Global Group Calls For A 'New Deal' For Journalism

An international group has proposed a “New Deal” for journalism.

This would entail supporting private sector news media through “indirect forms of support, such as tax exemptions, direct support specifically tied to investment in professional journalism and structured to prioritize local media and media serving minorities, and supporting innovation, without tying these forms of support to increasingly marginal forms of distribution like print,” writes Rasmus Kleis Nielsen, director of the Reuters Institute for the Study of Journalism.

Her comments appeared in “A New Deal for Journalism,” a paper by the Working Group For the Sustainability Of Journalism.”



The group argues that independent journalism is headed for a “potential extinction event.”

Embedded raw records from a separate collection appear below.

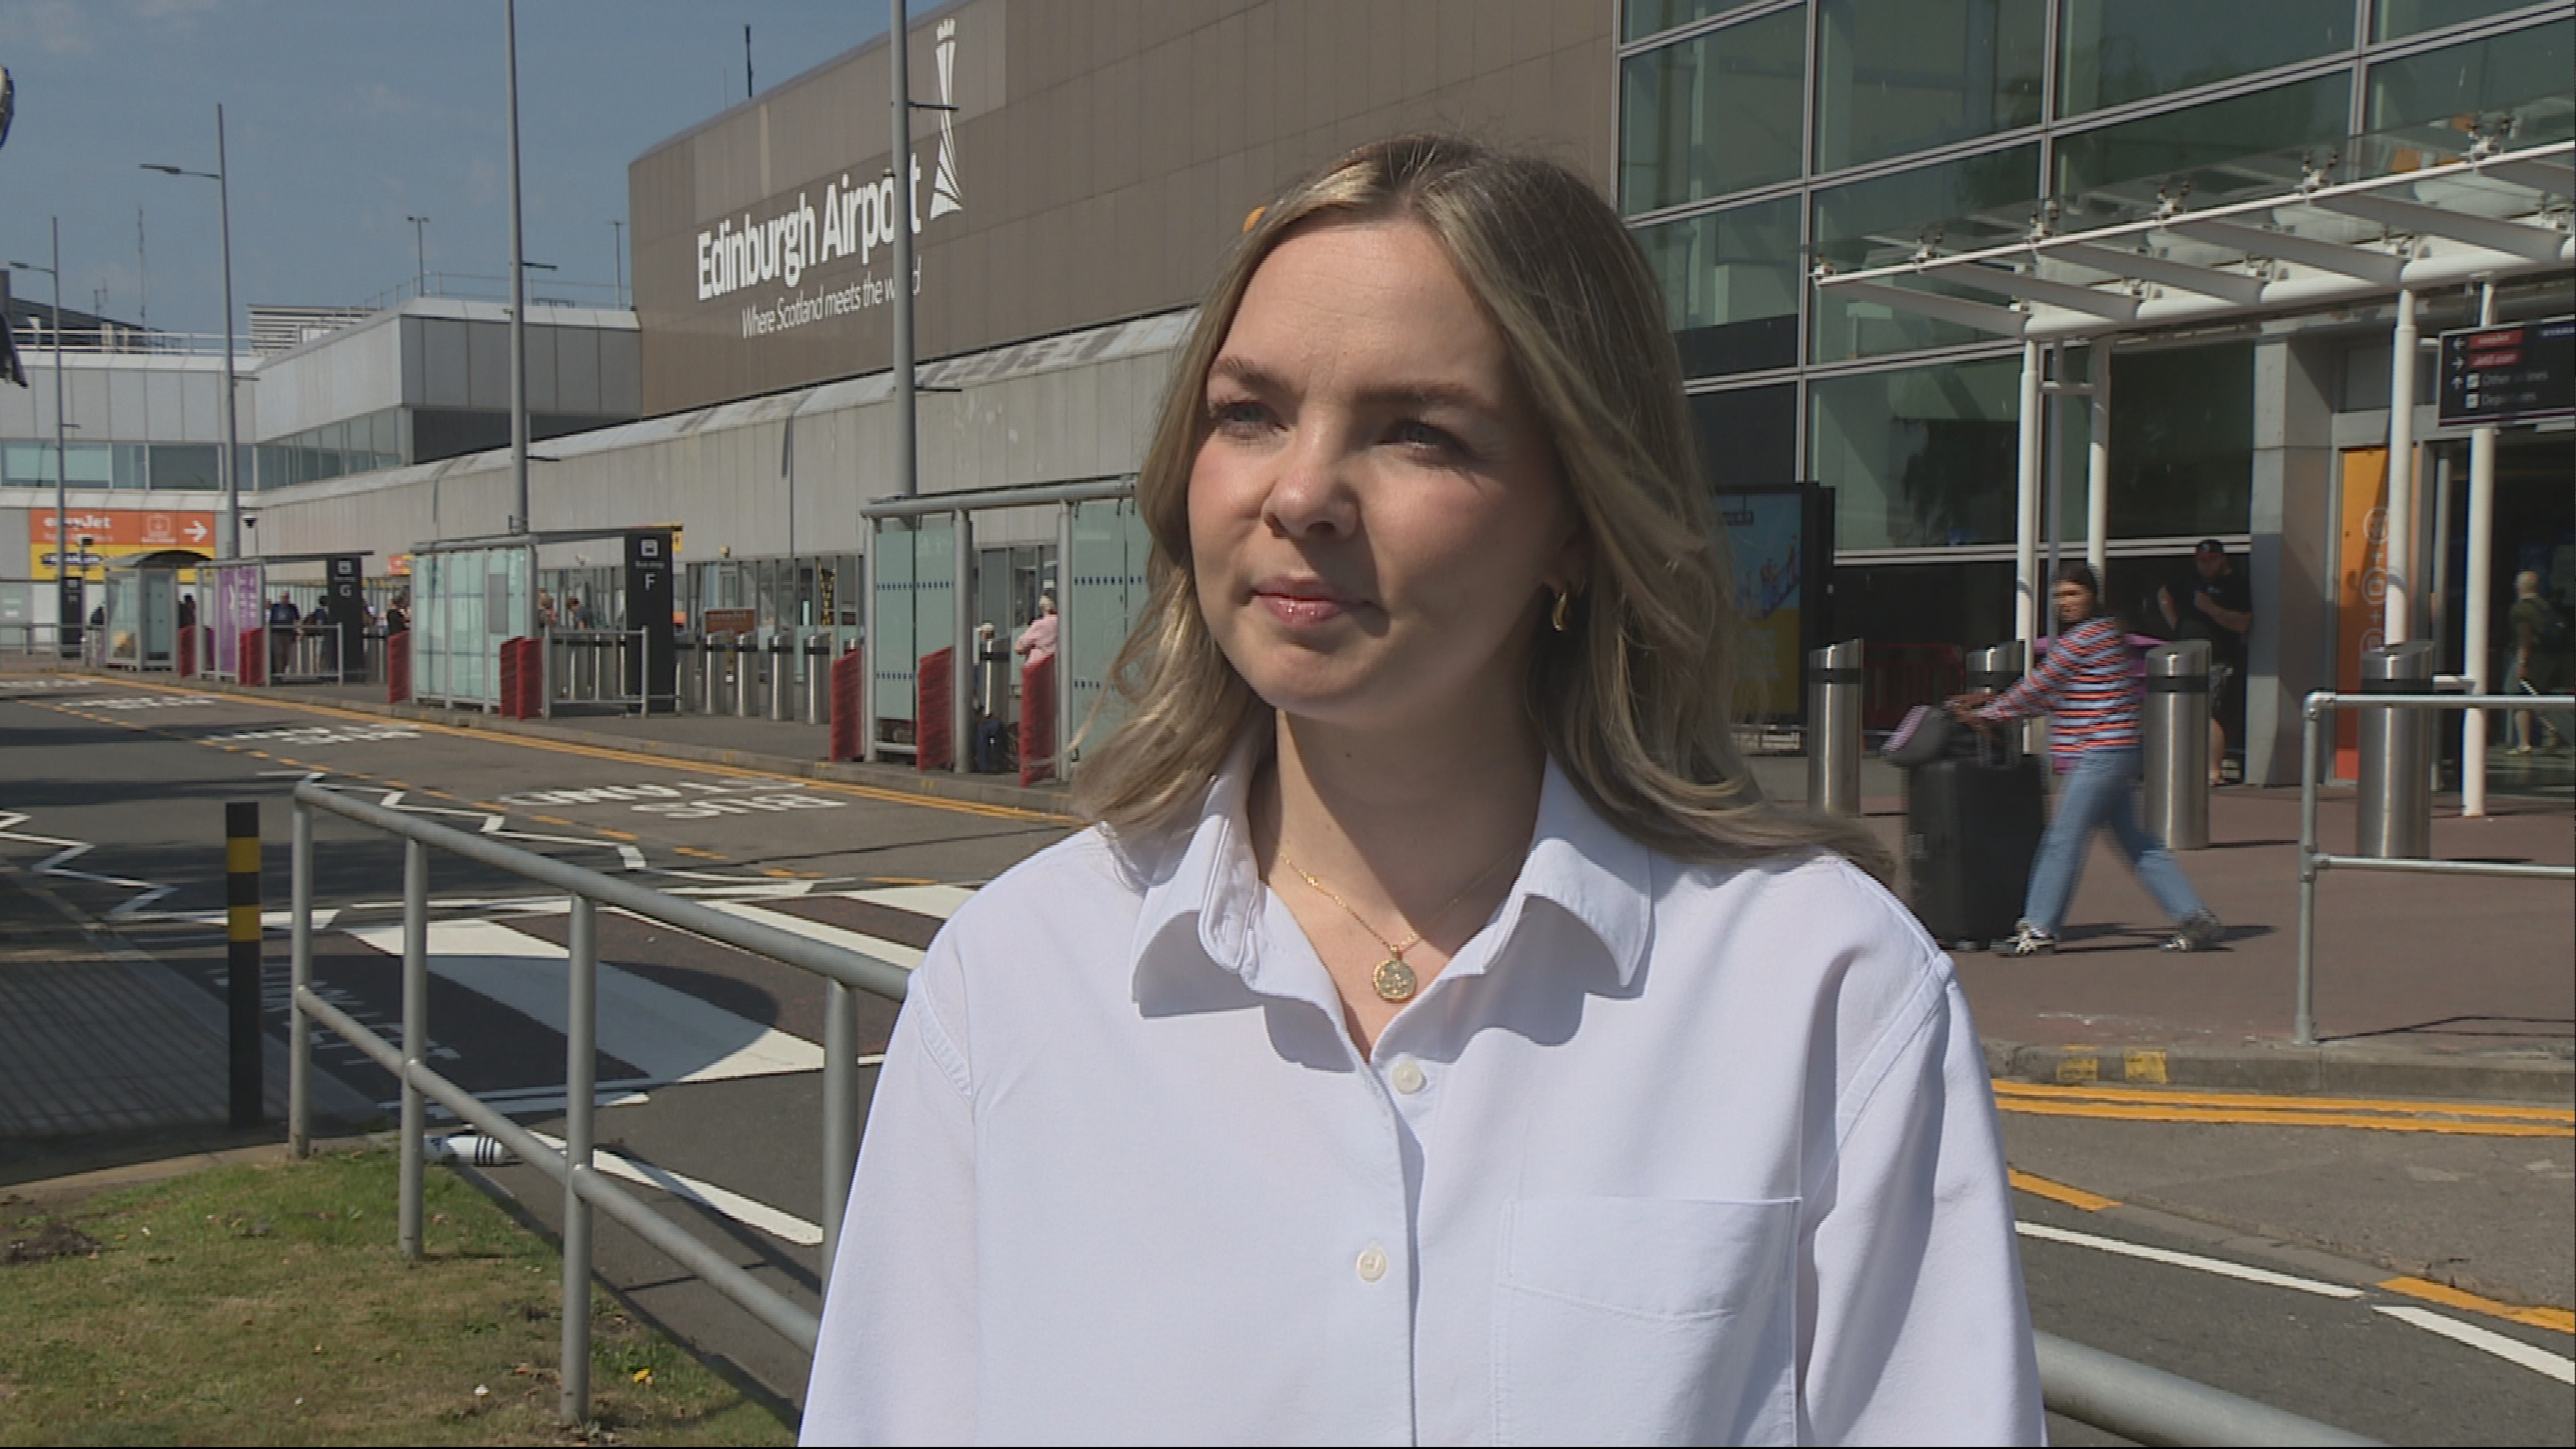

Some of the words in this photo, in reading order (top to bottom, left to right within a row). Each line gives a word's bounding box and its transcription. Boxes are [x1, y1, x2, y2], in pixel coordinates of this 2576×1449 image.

[698, 191, 816, 301] Edinburgh
[821, 153, 921, 266] Airpot
[741, 303, 775, 339] Where
[776, 284, 823, 331] Scotland
[824, 281, 861, 316] meets
[862, 270, 883, 309] the
[339, 584, 352, 598] G
[645, 572, 656, 590] F
[630, 794, 847, 818] BUS

“The COVID-19 pandemic has worsened the sustainability crisis of journalism and accelerated the impact of these still unsolved systemic issues,” adds Nielsen, who chairs the working group that developed the paper.   

In addition to the suggestions listed above, the group recommends: 

"Supporting public service media with a clear remit and ability to serve the public across all media, not just broadcasting, and strong insulation from political pressure to ensure their editorial independence from government.  

"Supporting the creation of nonprofit news media by easing the creation of journalistic nonprofit organizations.  

"Supporting independent news media globally by committing at least some official development assistance  to journalism in other countries, whether done bilaterally or through joint vehicles."

"None of these policies is a silver bullet, but they can all make a difference for the better, as long as they are deployed within a framework of fundamental rights and respect for free expression and media freedom (otherwise they can quickly turn into instruments for state capture)," Nielsen states.  

In one possible approach, U.S. Reps. Ann Kirkpatrick, (D-Arizona), and Dan Newhouse, (R-Washington) have introduced a bill called the Local Journalism Sustainability Act. The bipartisan measure would provide tax credits to local newspapers, subscribers and advertisers.